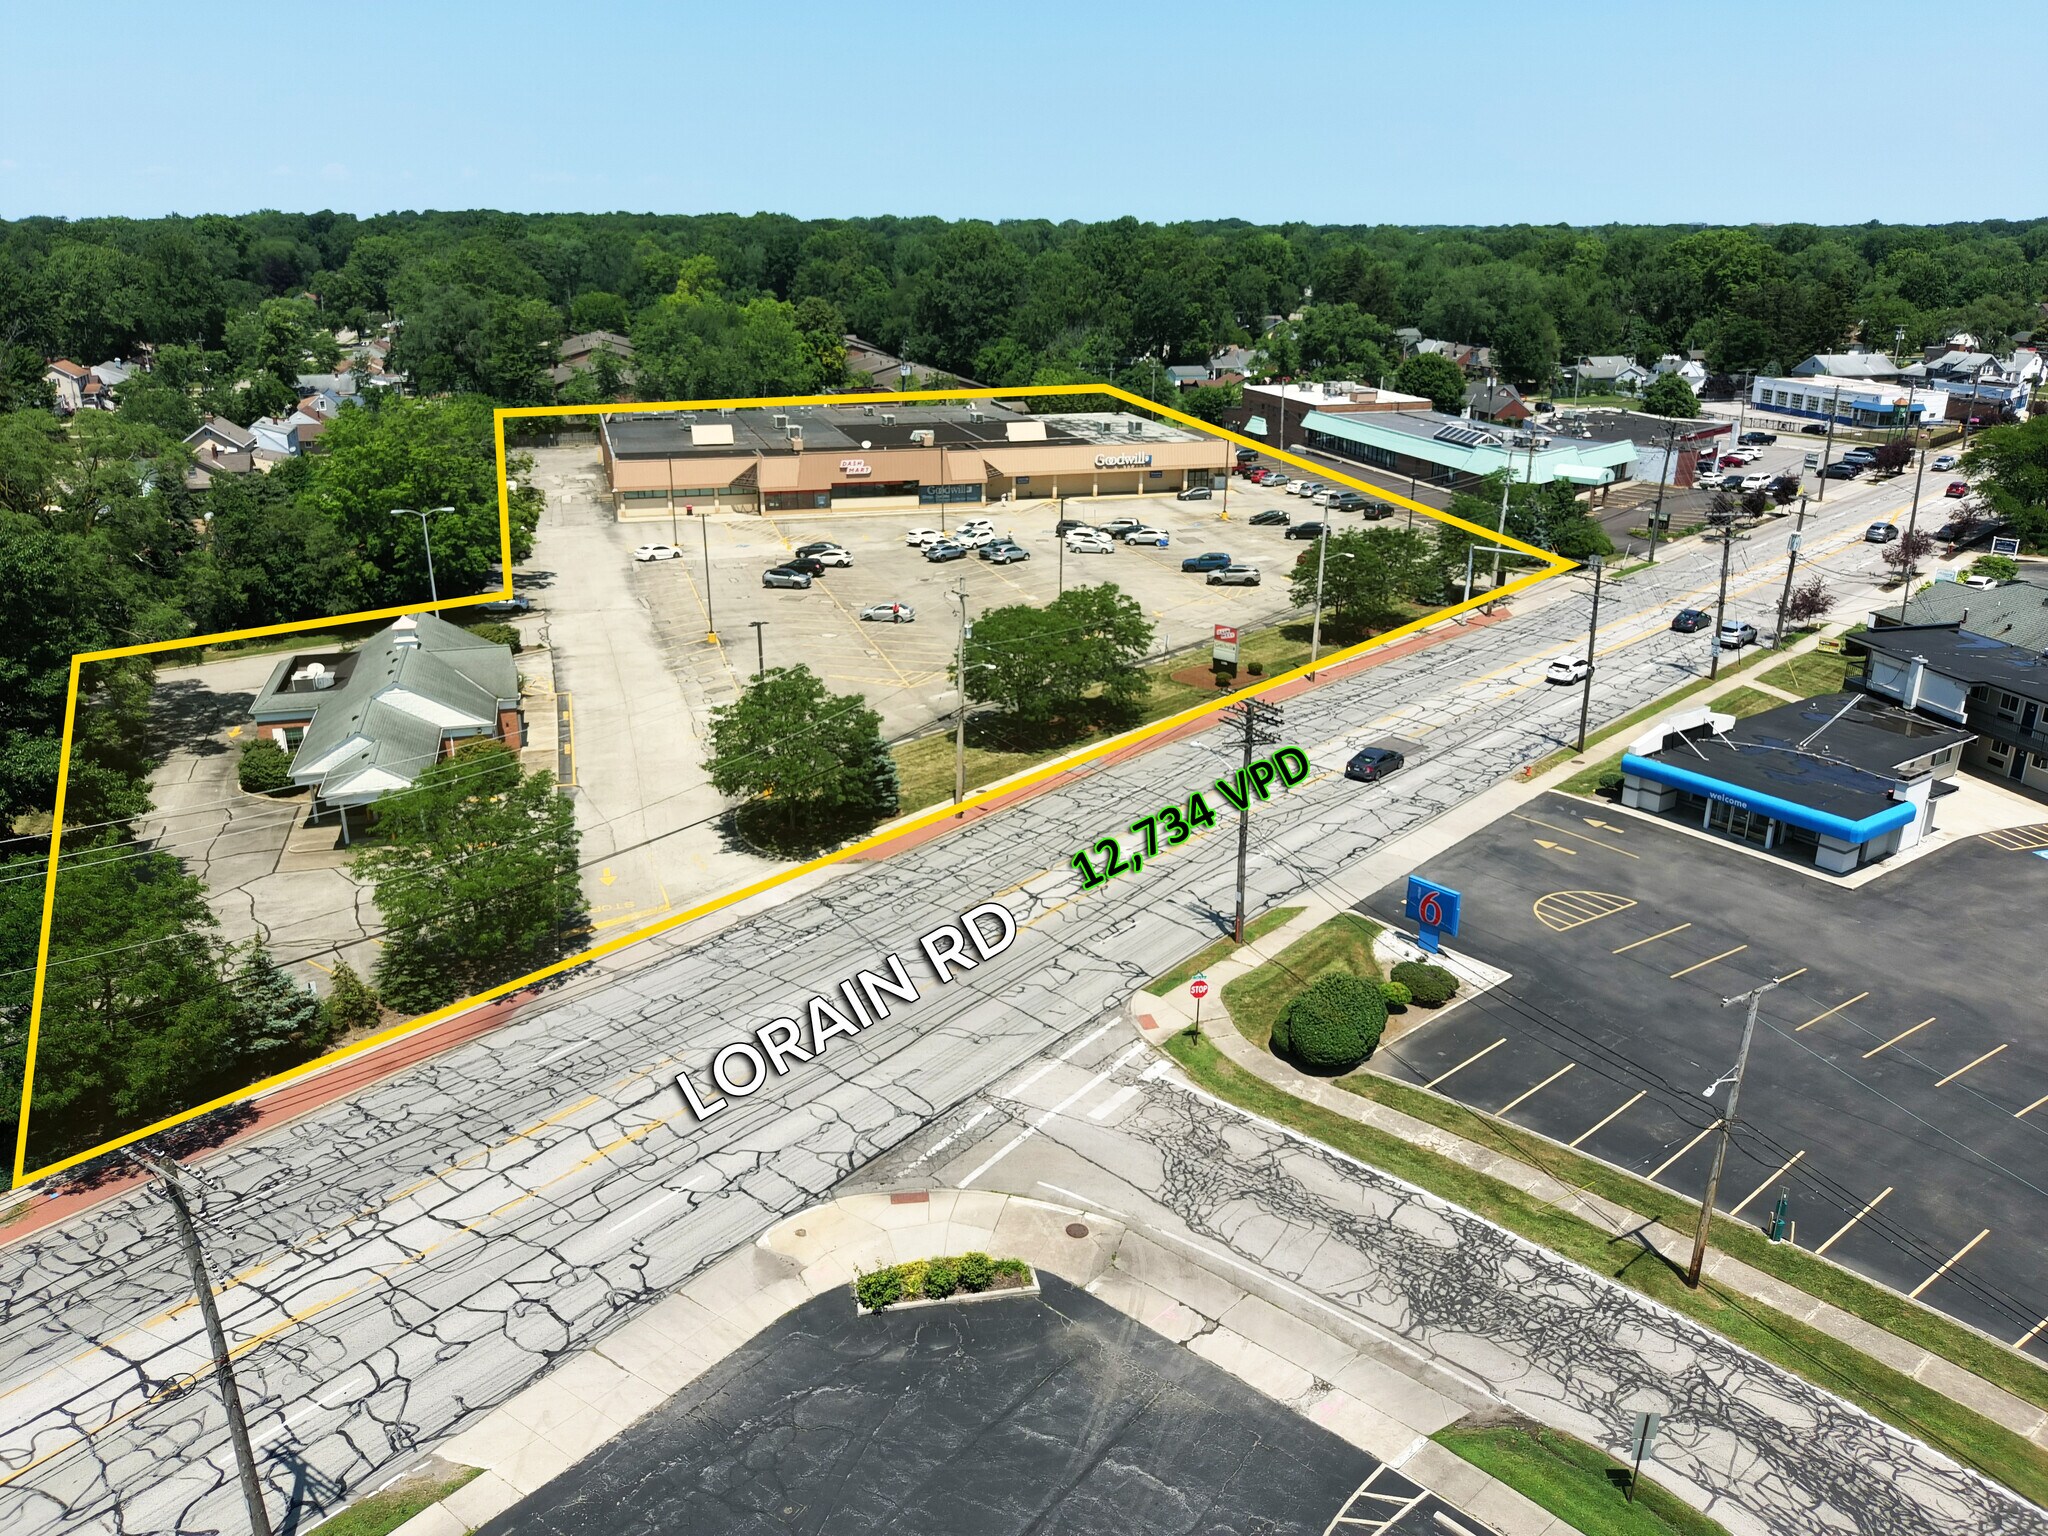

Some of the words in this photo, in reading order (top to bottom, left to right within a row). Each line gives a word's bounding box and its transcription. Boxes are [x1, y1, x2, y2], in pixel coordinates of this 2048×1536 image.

[1095, 451, 1146, 466] Goodwill
[926, 484, 966, 495] Goodwill
[1709, 791, 1748, 809] welcome
[1419, 891, 1442, 927] 6
[1190, 985, 1208, 994] STOP
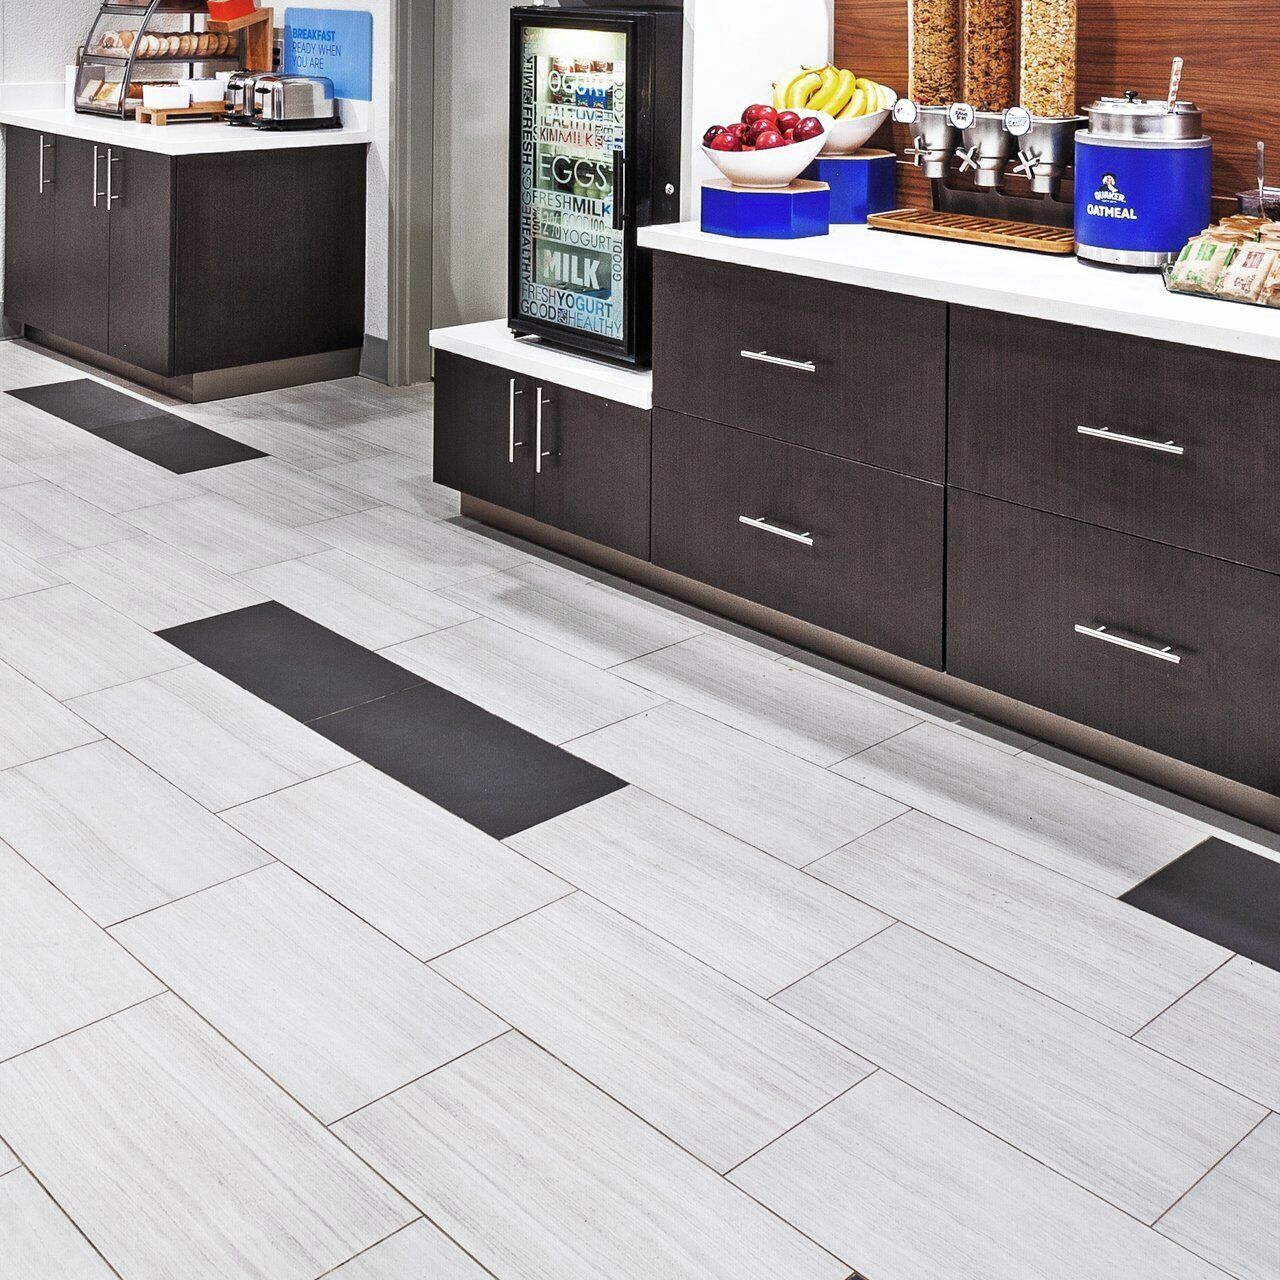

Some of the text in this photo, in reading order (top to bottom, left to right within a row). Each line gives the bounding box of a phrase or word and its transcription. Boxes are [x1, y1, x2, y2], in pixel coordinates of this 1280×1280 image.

[292, 28, 336, 42] BREAKFAST
[292, 41, 342, 57] READY WHEN
[292, 55, 324, 70] YOU ARE
[522, 107, 533, 166] FRESH
[539, 152, 608, 191] EGGS
[1094, 190, 1126, 203] QUAKER
[1086, 203, 1138, 220] OATMEAL
[561, 227, 612, 251] YOGURT
[521, 219, 531, 284] HEALTHY
[542, 248, 601, 290] MILK
[568, 310, 622, 338] HEALTHY
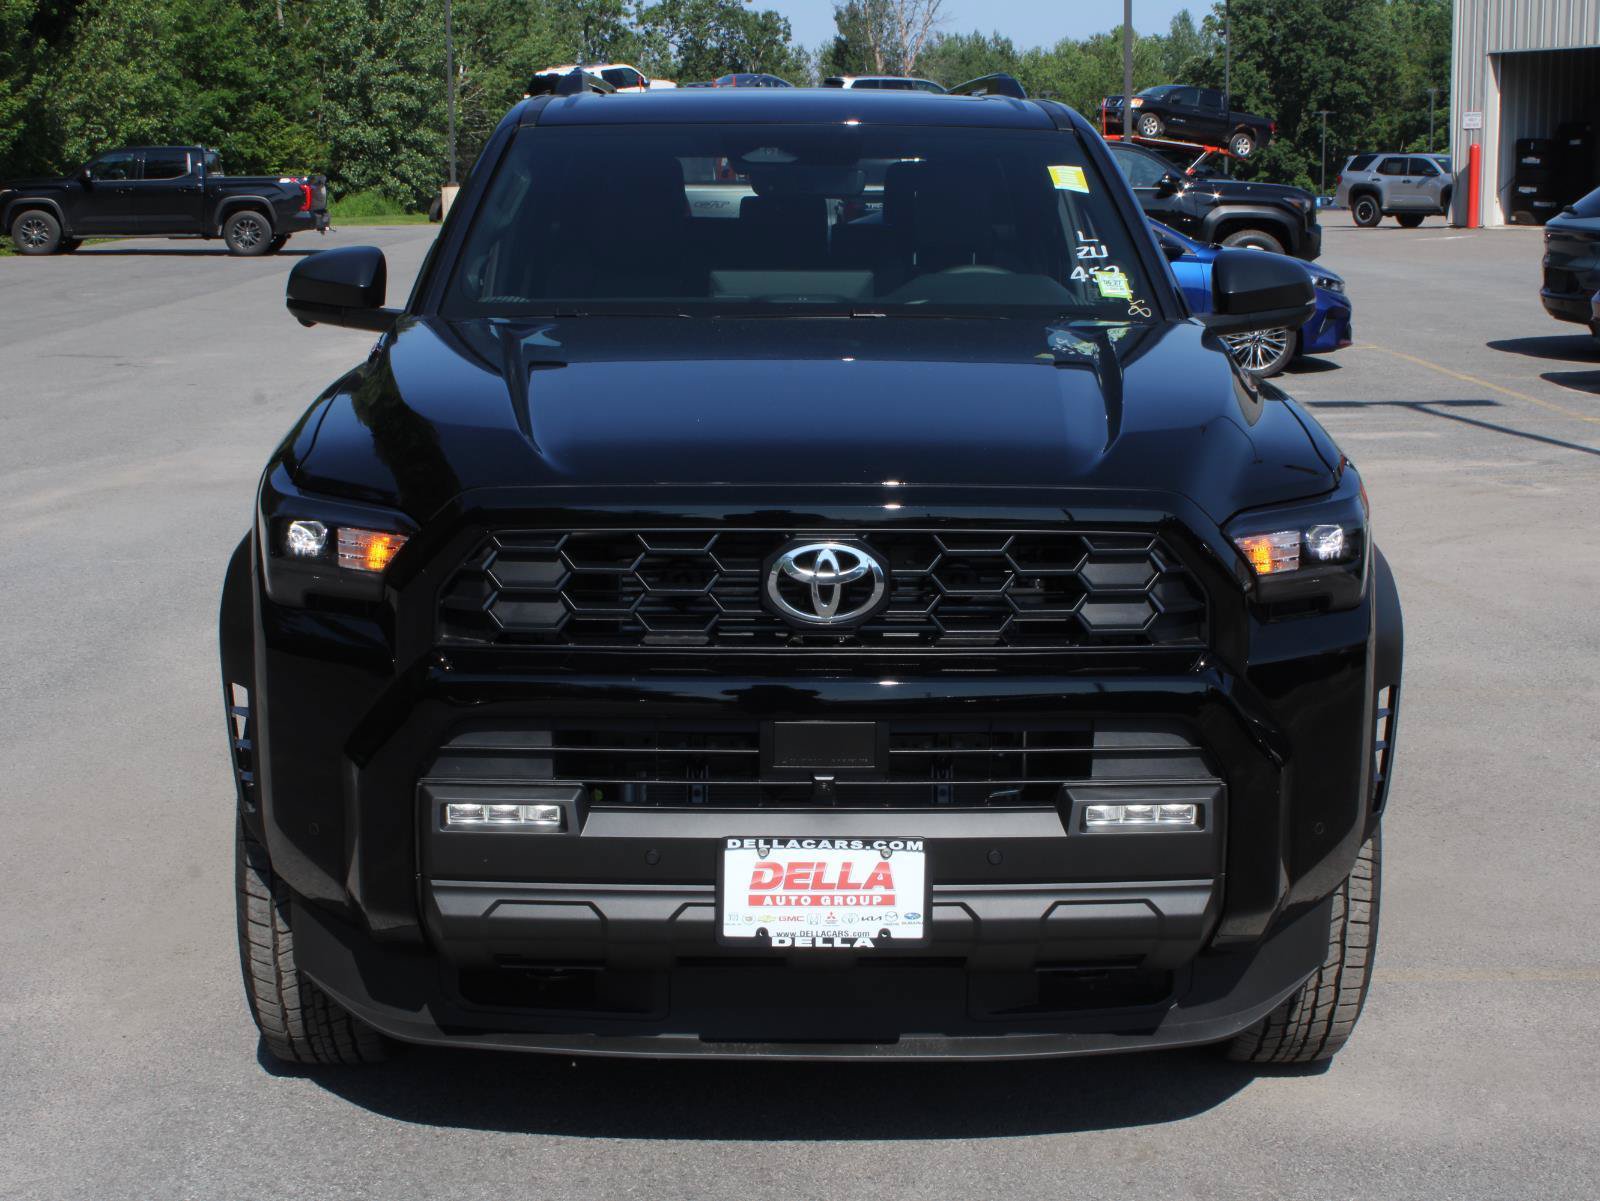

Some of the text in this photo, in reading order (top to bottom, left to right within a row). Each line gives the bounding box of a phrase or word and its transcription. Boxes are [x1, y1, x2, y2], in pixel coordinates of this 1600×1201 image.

[726, 839, 924, 851] DELLACARS.COM
[749, 861, 895, 890] DELLA
[762, 895, 884, 906] AUTO GROUP
[771, 936, 875, 948] DELLA
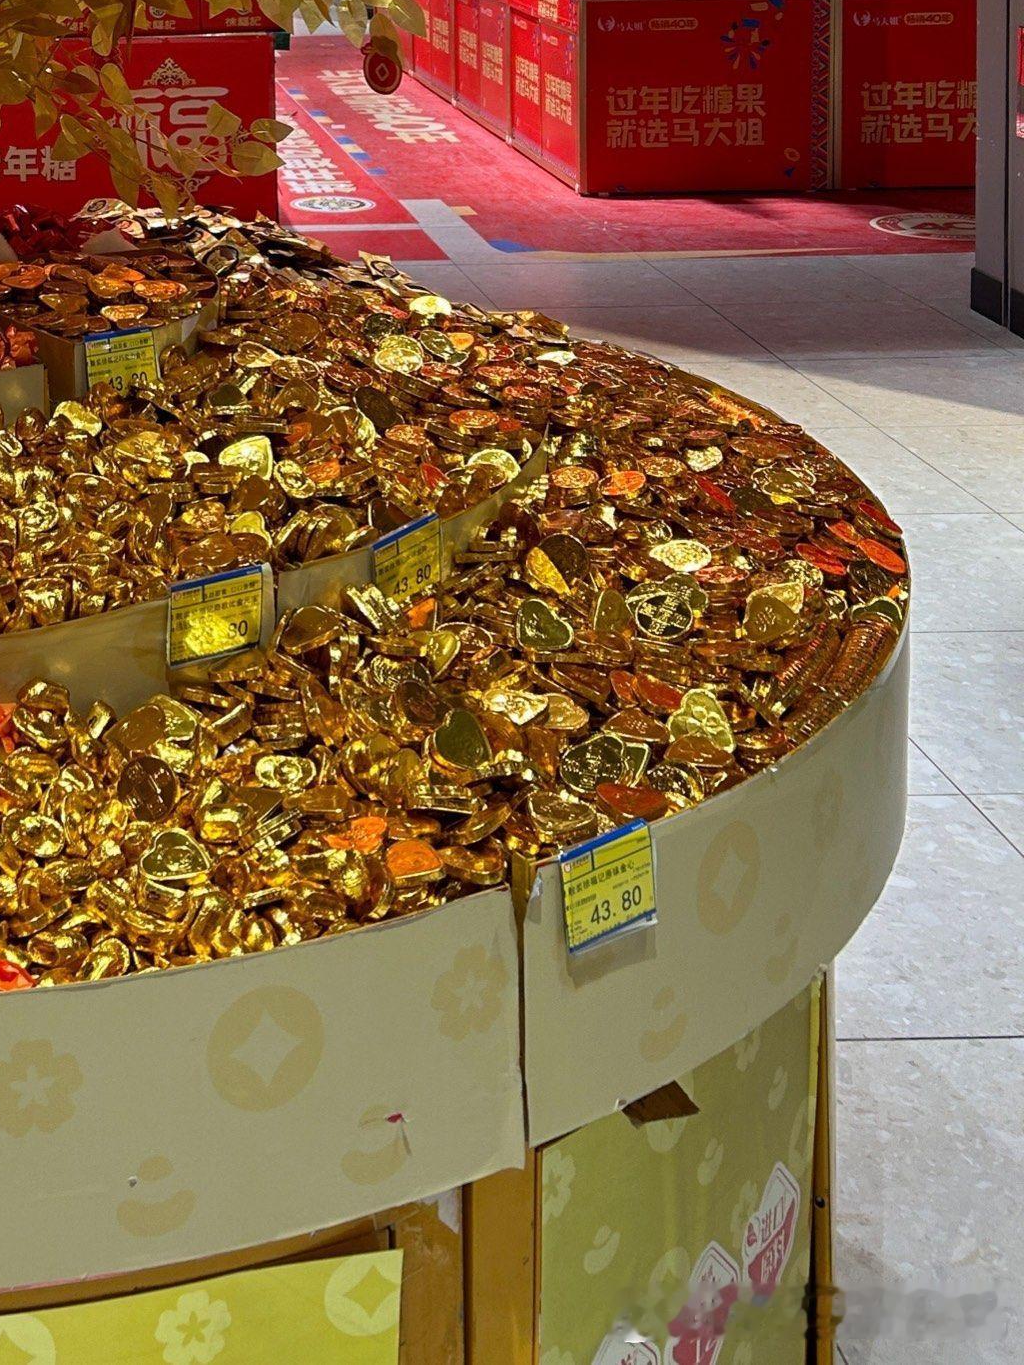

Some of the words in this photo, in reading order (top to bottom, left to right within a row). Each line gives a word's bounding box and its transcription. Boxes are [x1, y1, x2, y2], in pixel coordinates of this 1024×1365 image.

• _ACTION ITEM_
Give back every entry in full, exactly as written, with no picture included.

• _ANSWER BOX_
Some of the words in this photo, in reading order (top to bottom, left to right within a row). Each line gives a word's bounding box and its transcription. Boxes are [x1, y1, x2, y2], in pixel coordinates of this 2048×1536 image.

[1095, 451, 1146, 466] Goodwill
[926, 484, 966, 495] Goodwill
[1709, 791, 1748, 809] welcome
[1419, 891, 1442, 927] 6
[1190, 985, 1208, 994] STOP

Some of the text in this photo, in reading order (top to bottom, left to right within a row). Each line gives the bounding box of a phrase or word and its transcription. Boxes are [x1, y1, x2, y2], in pixel coordinates of this 1280×1280 image.

[292, 28, 336, 42] BREAKFAST
[292, 41, 342, 57] READY WHEN
[292, 55, 324, 70] YOU ARE
[522, 107, 533, 166] FRESH
[539, 152, 608, 191] EGGS
[1094, 190, 1126, 203] QUAKER
[1086, 203, 1138, 220] OATMEAL
[561, 227, 612, 251] YOGURT
[521, 219, 531, 284] HEALTHY
[542, 248, 601, 290] MILK
[568, 310, 622, 338] HEALTHY

Some of the text in this photo, in reading order (top to bottom, left to right within a row). Each line gives the bounding box of a phrase or word and its transcription. Boxes are [x1, y1, x2, y2], in pixel coordinates of this 1600×1201 image.

[726, 839, 924, 851] DELLACARS.COM
[749, 861, 895, 890] DELLA
[762, 895, 884, 906] AUTO GROUP
[771, 936, 875, 948] DELLA

Some of the words in this photo, in reading order (top to bottom, left to right within a row). Each line gives a word's bounding box and its transcription. Boxes are [x1, y1, x2, y2], in pixel coordinates of this 1024×1365 image.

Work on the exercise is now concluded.